It creates patches, runs a computer vision model on each patch, and store the embeddings of each all patches as an image. This is mostly useful for WSI images.

Info

The image will be saved into the SpatialData object with the key "{model_name}_embeddings" (see the model_name argument below), except if key_added is provided. The shapes of the patches will be saved with the key "embeddings_patches".

Warning

In addition to the WSI extra (pip install 'sopa[wsi]') and depending on the model used, you might need to install additional dependencies. Also, CONCH requires to be logged in Hugging Face and having approved their License.

Parameters:

Name	Type	Description	Default
`sdata`	`SpatialData`	A `SpatialData` object	required
`model`	`Callable \| str`	Callable that takes as an input a tensor of size `(batch_size, channels, x, y)` and returns a vector for each tile `(batch_size, emb_dim)`, or a string with the name of one of the available models (`resnet50`, `histo_ssl`, `dinov2`, `hoptimus0`, `conch`).	required
`patch_width`	`int`	Width (pixels) of the patches.	required
`patch_overlap`	`int`	Width (pixels) of the overlap between the patches.	`0`
`level`	`int \| None`	Image level on which the processing is performed. Either `level` or `magnification` should be provided.	`0`
`magnification`	`int \| None`	The target magnification on which the processing is performed. If `magnification` is provided, the `level` argument will be automatically computed.	`None`
`image_key`	`str \| None`	Optional image key of the image, unecessary if there is only one image.	`None`
`batch_size`	`int`	Mini-batch size used during inference.	`32`
`device`	`str \| None`	Device used for the computer vision model.	`None`
`roi_key`	`str \| None`	Optional name of the shapes that needs to touch the patches. Patches that do not touch any shape will be ignored. If `None`, all patches will be used.	`ROI`
`key_added`	`str \| None`	Optional name of the spatial element that will be added (storing the embeddings).	`None`
`**kwargs`	`int`	Additional keyword arguments passed to the `Patches2D` constructor.	`{}`

Returns:

Type	Description
`str`	The key of the spatial element that was added to the `SpatialData` object.

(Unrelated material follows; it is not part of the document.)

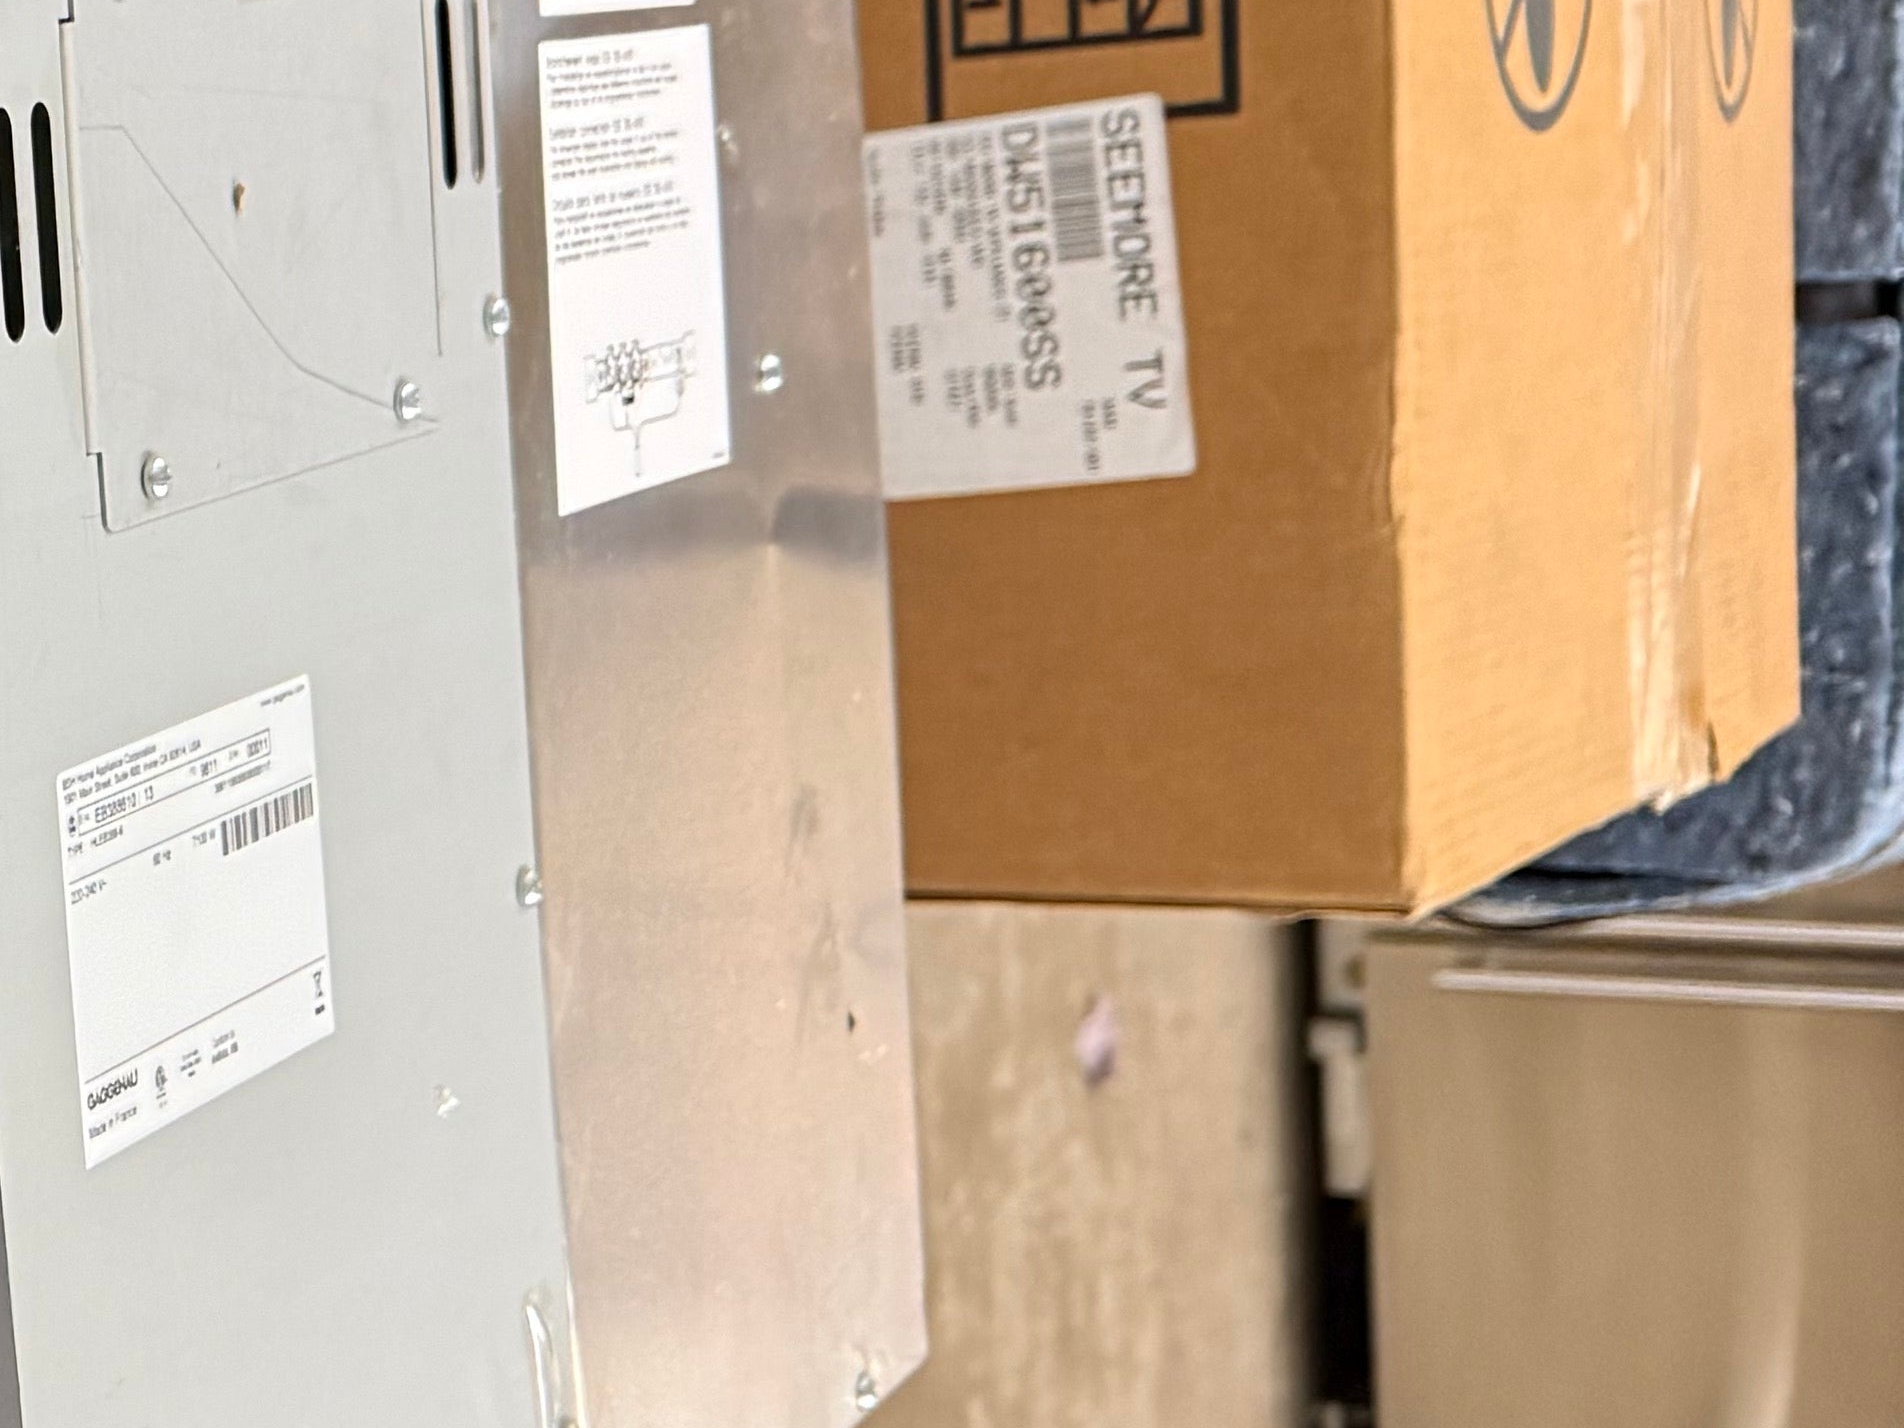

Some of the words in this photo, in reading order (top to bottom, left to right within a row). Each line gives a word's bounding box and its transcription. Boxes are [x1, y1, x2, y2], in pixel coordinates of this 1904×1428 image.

[1099, 108, 1158, 322] SEEMORE
[1124, 347, 1169, 410] TV
[87, 1068, 139, 1111] GAGGENAU

Source code in sopa/patches/infer.py

def compute_embeddings(
    sdata: SpatialData,
    model: Callable | str,
    patch_width: int,
    patch_overlap: int = 0,
    level: int | None = 0,
    magnification: int | None = None,
    image_key: str | None = None,
    batch_size: int = 32,
    device: str | None = None,
    roi_key: str | None = SopaKeys.ROI,
    key_added: str | None = None,
    **kwargs: int,
) -> str:
    """It creates patches, runs a computer vision model on each patch, and store the embeddings of each all patches as an image. This is mostly useful for WSI images.

    !!! info
        The image will be saved into the `SpatialData` object with the key `"{model_name}_embeddings"` (see the `model_name` argument below), except if `key_added` is provided.
        The shapes of the patches will be saved with the key `"embeddings_patches"`.

    !!! warning
        In addition to the WSI extra (`pip install 'sopa[wsi]'`) and depending on the model used, you might need to install additional dependencies. Also, CONCH requires to be logged in Hugging Face and having approved their License.

    Args:
        sdata: A `SpatialData` object
        model: Callable that takes as an input a tensor of size `(batch_size, channels, x, y)` and returns a vector for each tile `(batch_size, emb_dim)`, or a string with the name of one of the available models (`resnet50`, `histo_ssl`, `dinov2`, `hoptimus0`, `conch`).
        patch_width: Width (pixels) of the patches.
        patch_overlap: Width (pixels) of the overlap between the patches.
        level: Image level on which the processing is performed. Either `level` or `magnification` should be provided.
        magnification: The target magnification on which the processing is performed. If `magnification` is provided, the `level` argument will be automatically computed.
        image_key: Optional image key of the image, unecessary if there is only one image.
        batch_size: Mini-batch size used during inference.
        device: Device used for the computer vision model.
        roi_key: Optional name of the shapes that needs to touch the patches. Patches that do not touch any shape will be ignored. If `None`, all patches will be used.
        key_added: Optional name of the spatial element that will be added (storing the embeddings).
        **kwargs: Additional keyword arguments passed to the `Patches2D` constructor.

    Returns:
        The key of the spatial element that was added to the `SpatialData` object.
    """
    try:
        import torch
    except ImportError:
        raise ImportError(
            "For patch embedding, you need `torch` (and perhaps `torchvision`). Consider installing the sopa WSI extra: `pip install 'sopa[wsi]'`."
        )

    from ._inference import Inference

    image = _get_image_for_inference(sdata, image_key)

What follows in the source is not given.